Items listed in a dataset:
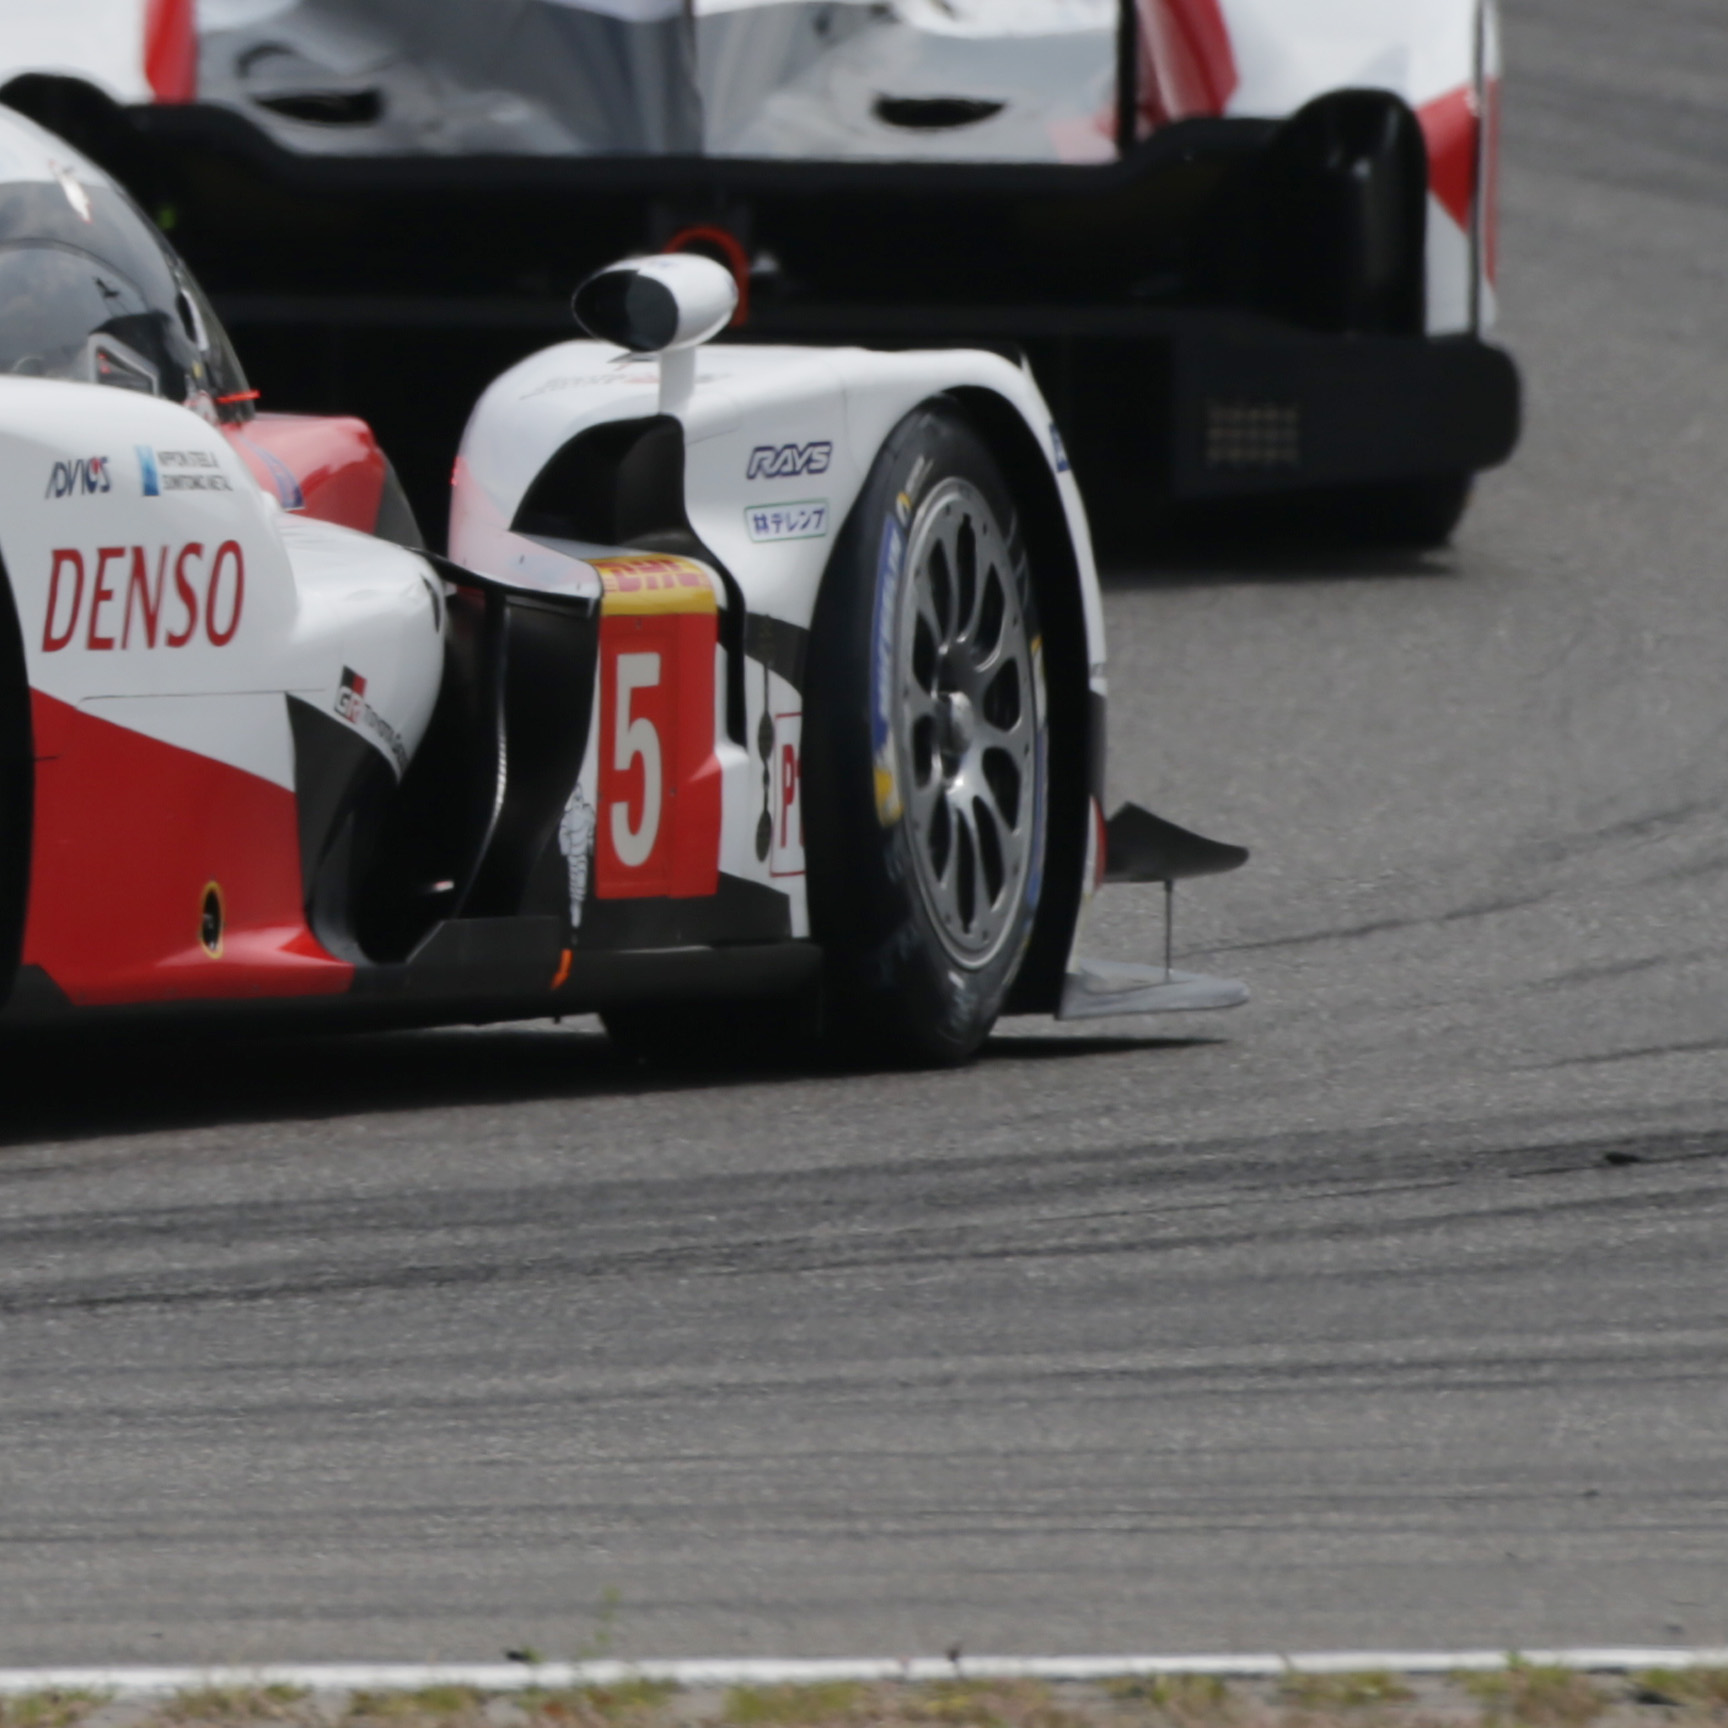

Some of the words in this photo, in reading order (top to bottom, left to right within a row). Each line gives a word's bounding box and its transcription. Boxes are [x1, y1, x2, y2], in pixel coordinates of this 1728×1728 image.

[746, 440, 833, 480] RAYS
[41, 539, 245, 653] DENSO
[610, 651, 662, 867] 5
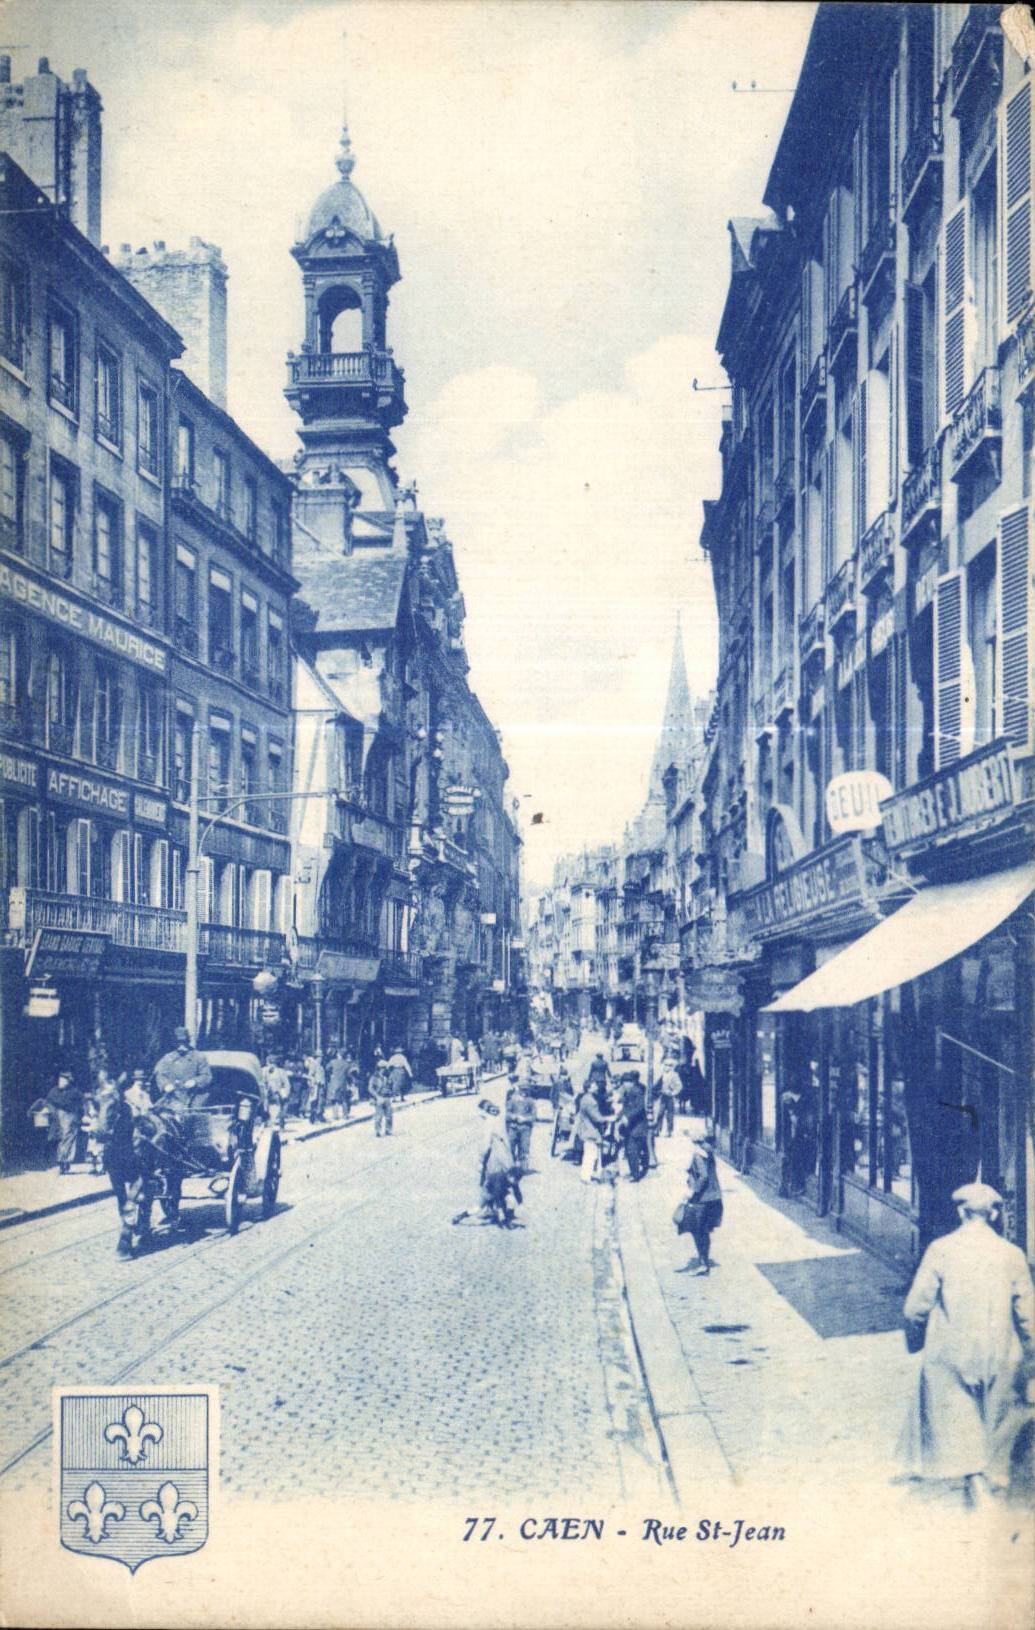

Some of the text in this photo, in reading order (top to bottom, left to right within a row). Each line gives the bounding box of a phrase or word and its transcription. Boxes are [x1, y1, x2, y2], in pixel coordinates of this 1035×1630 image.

[0, 564, 166, 671] AGENCE MAURICE
[48, 769, 129, 813] AFFICHAGE
[830, 782, 880, 820] EUI

BRIEF.
Restate every record exactly, please; do not copy the pictures.

REPLY.
Some of the words in this photo, in reading order (top to bottom, left to right within a row). Each line gives a word's bounding box and its transcription. Boxes are [x1, y1, x2, y2], in pixel coordinates of this 1728×1728 image.

[746, 440, 833, 480] RAYS
[41, 539, 245, 653] DENSO
[610, 651, 662, 867] 5

Some of the text in this photo, in reading order (top to bottom, left to right within a row). Each line gives the bounding box of a phrase or word and its transcription. Boxes are [x1, y1, x2, y2], in pixel coordinates of this 1035×1630 image.

[0, 564, 166, 671] AGENCE MAURICE
[48, 769, 129, 813] AFFICHAGE
[830, 782, 880, 820] EUI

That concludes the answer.